A Baixada Santista iniciou o ano de 2026 com uma estatística alarmante que acende o sinal vermelho para as autoridades de segurança viária. De acordo com os dados mais recentes do Infosiga, sistema do Governo do Estado de São Paulo, a região contabilizou 33 mortes em acidentes de trânsito apenas no mês de janeiro. O número representa um acréscimo de 50% em relação ao mesmo período de 2025, quando foram registradas 22 mortes. O cenário é especialmente crítico em cidades como Mongaguá, onde o crescimento foi de impressionantes 500% (passando de uma para seis mortes), e Guarujá, onde os óbitos dobraram, saltando de três para seis ocorrências fatais.

O recorte dos dados revela uma faceta cruel da imprudência: a vulnerabilidade extrema dos pedestres, em especial os idosos. Em um curto intervalo de 15 dias, três atropelamentos fatais envolvendo pessoas acima de 60 anos chocaram os moradores de Santos, São Vicente e Praia Grande. Um dos casos mais emblemáticos ocorreu na Avenida Conselheiro Nébias, em Santos, onde um idoso de 89 anos perdeu a vida após ser atingido por um motociclista que fugiu sem prestar socorro. Essa conduta de omissão também foi registrada em Praia Grande, evidenciando um padrão de desrespeito à vida que vai além da falha mecânica ou sinalização deficiente.

"Crise da mobilidade rodoviarista"

O aumento das mortes ocorre após um ano de 2025 que já havia terminado em patamares elevados, com 285 óbitos totais na região. Para Diogo Damasio, pesquisador do INCT Observatório das Metrópoles, o problema não é conjuntural, mas sim uma crise estrutural da mobilidade rodoviarista. Segundo o especialista, as cidades da Baixada Santista são geograficamente vocacionadas para o deslocamento a pé ou por bicicleta, mas a infraestrutura urbana continua priorizando o transporte motorizado individual. Esse privilégio dado aos carros e motos expõe o cidadão comum a riscos constantes derivados de atitudes individuais imprudentes dos condutores.

Damasio argumenta que o modelo atual de planejamento urbano é insustentável. Ao focar no fluxo de veículos em detrimento da segurança de quem caminha, as cidades criam ambientes hostis. "A alta frequência de acidentes fatais expressa a crise de uma mobilidade que privilegia o veículo individual e expõe a população aos inúmeros riscos", afirma. Para o pesquisador, o recorde negativo de janeiro é um sintoma de um sistema que está "derretendo" e que exige uma mudança profunda de paradigma no desenho das ruas e no compartilhamento dos espaços públicos.

Soluções estruturais vs. medidas paliativas

Diante do aumento das mortes, o debate sobre as soluções ganha urgência.
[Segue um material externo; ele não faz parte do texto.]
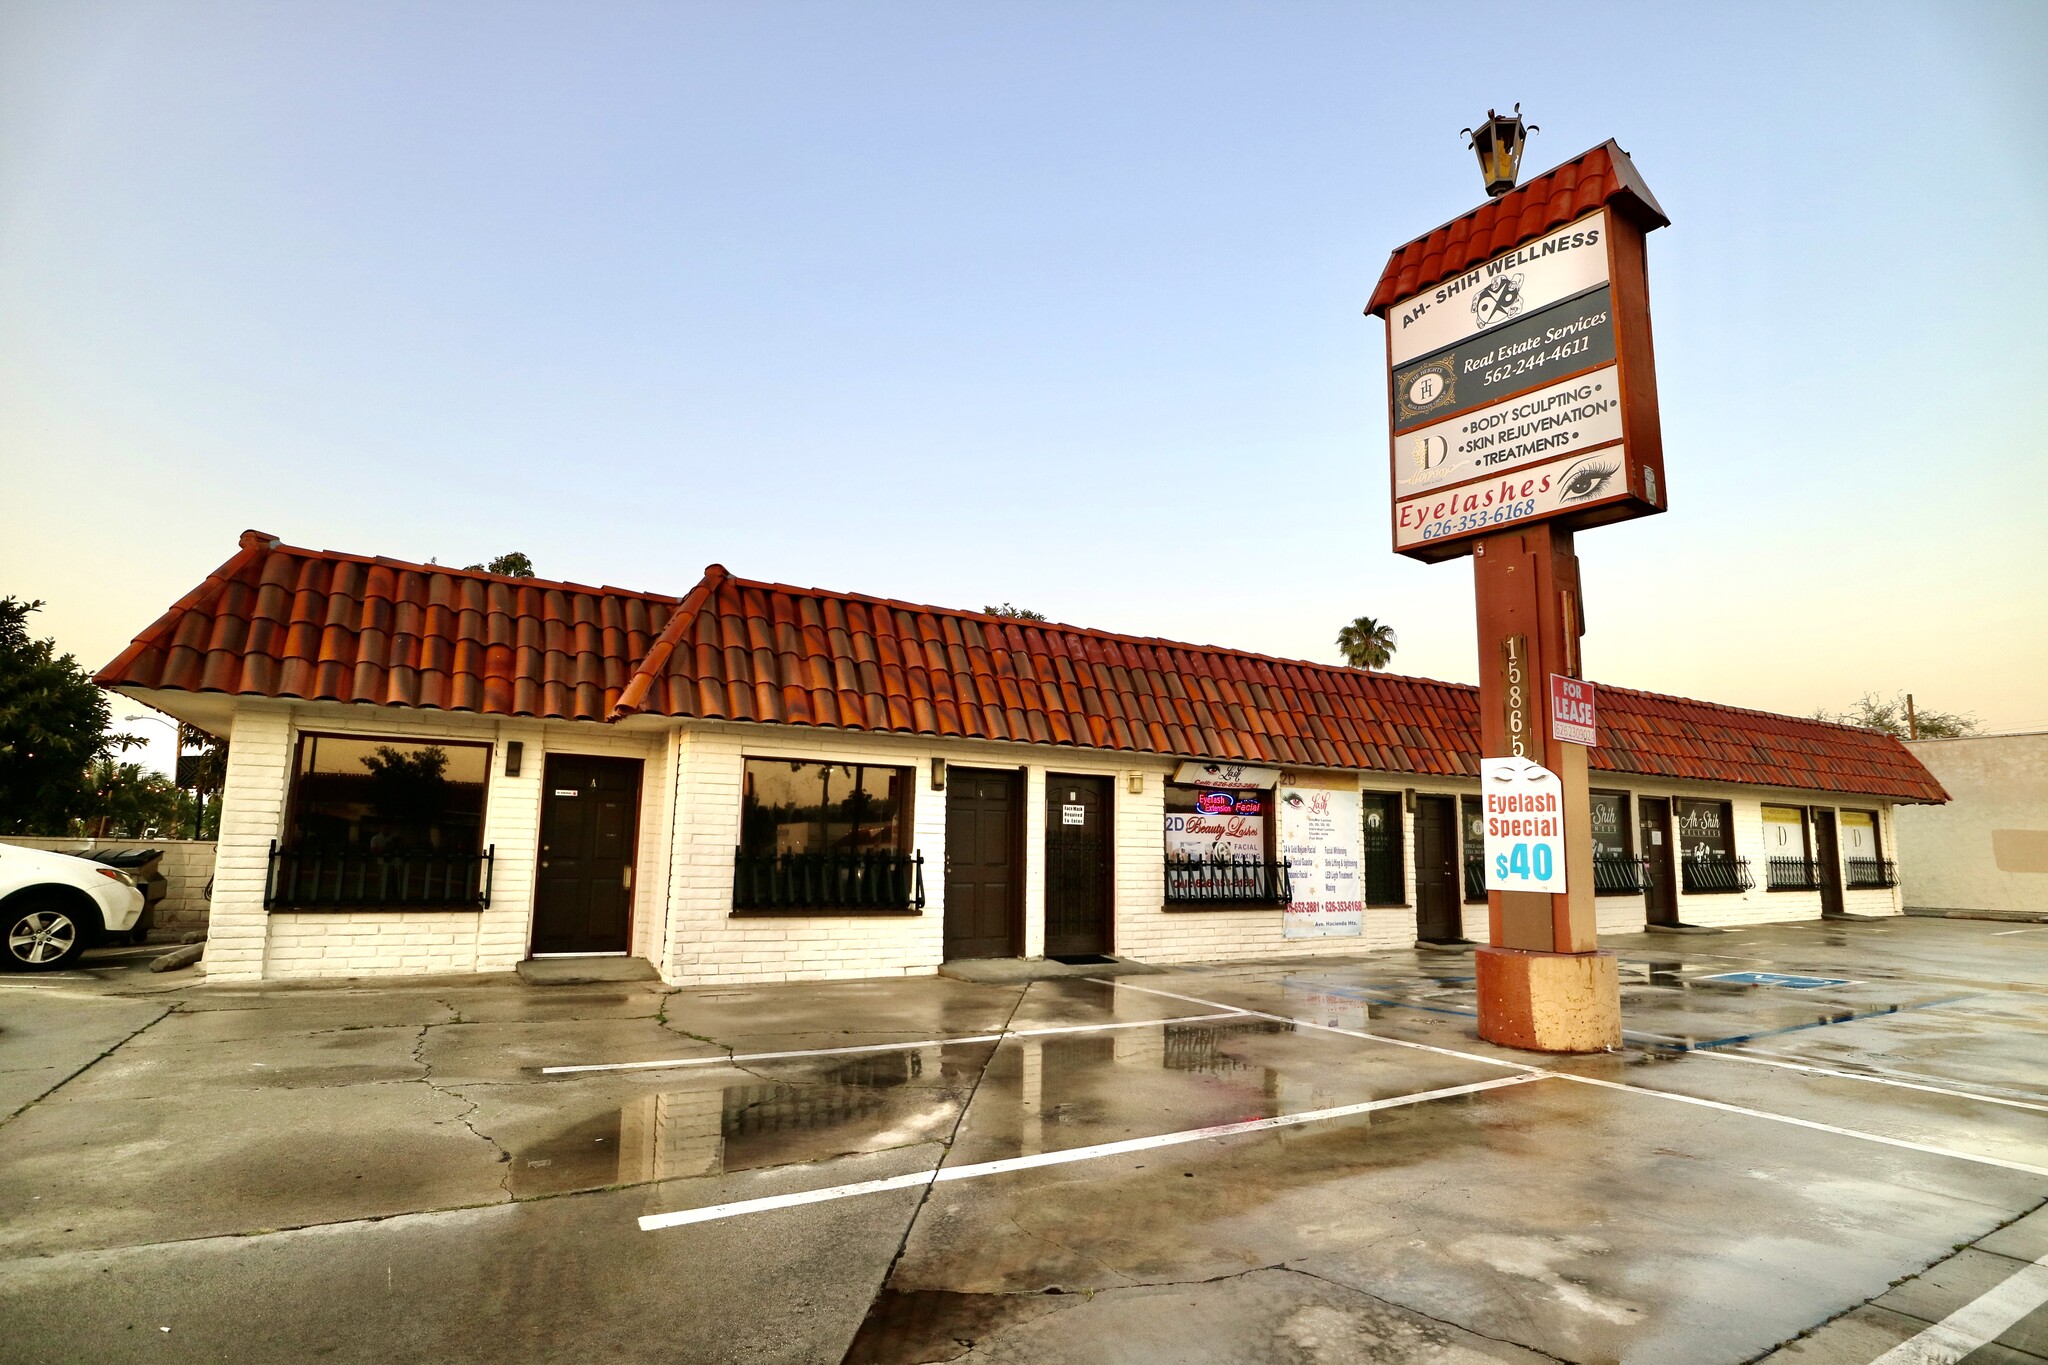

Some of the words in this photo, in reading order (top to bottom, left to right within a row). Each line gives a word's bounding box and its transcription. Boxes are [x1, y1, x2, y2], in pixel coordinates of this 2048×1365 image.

O pesquisador do Observatório das Metrópoles alerta que medidas isoladas de sinalização ou campanhas educativas sazonais são insuficientes, comparando-as ao ato de "enxugar gelo". Para reverter o quadro, ele propõe uma reforma estrutural que inverta a pirâmide de prioridades no trânsito: as ruas precisam ser reconquistadas pelo pedestre e pelo ciclista. Isso envolve obras físicas de grande e pequena escala, como o estreitamento de vias, a elevação de travessias e a redução drástica da velocidade em perímetros urbanos residenciais e comerciais.
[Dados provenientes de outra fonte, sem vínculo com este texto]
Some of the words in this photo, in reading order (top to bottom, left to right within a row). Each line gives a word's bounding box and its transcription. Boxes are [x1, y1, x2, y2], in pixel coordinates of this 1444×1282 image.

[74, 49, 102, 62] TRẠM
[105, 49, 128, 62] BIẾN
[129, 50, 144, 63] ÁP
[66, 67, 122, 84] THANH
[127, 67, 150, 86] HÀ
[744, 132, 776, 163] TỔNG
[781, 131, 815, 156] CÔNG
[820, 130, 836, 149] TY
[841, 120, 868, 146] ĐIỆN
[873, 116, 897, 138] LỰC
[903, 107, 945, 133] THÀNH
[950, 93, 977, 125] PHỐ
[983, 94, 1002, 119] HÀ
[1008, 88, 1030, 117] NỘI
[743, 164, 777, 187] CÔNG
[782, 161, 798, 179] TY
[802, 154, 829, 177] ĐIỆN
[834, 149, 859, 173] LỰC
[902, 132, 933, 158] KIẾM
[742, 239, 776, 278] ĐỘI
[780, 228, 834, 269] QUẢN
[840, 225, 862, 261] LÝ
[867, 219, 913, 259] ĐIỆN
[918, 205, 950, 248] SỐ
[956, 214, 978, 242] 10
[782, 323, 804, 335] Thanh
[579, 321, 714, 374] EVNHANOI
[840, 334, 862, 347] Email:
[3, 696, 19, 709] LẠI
A Baixada Santista, por suas características de relevo plano e densidade populacional, teria potencial para ser um exemplo nacional de mobilidade ativa e segura. No entanto, enquanto o domínio do automóvel não for questionado, a tendência é que os números continuem em ascensão. A sociedade civil e o poder público enfrentam agora o desafio de decidir se continuarão investindo em um modelo que gera recordes de óbitos ou se abraçarão uma transformação urbana que coloque a preservação da vida acima da fluidez do tráfego motorizado.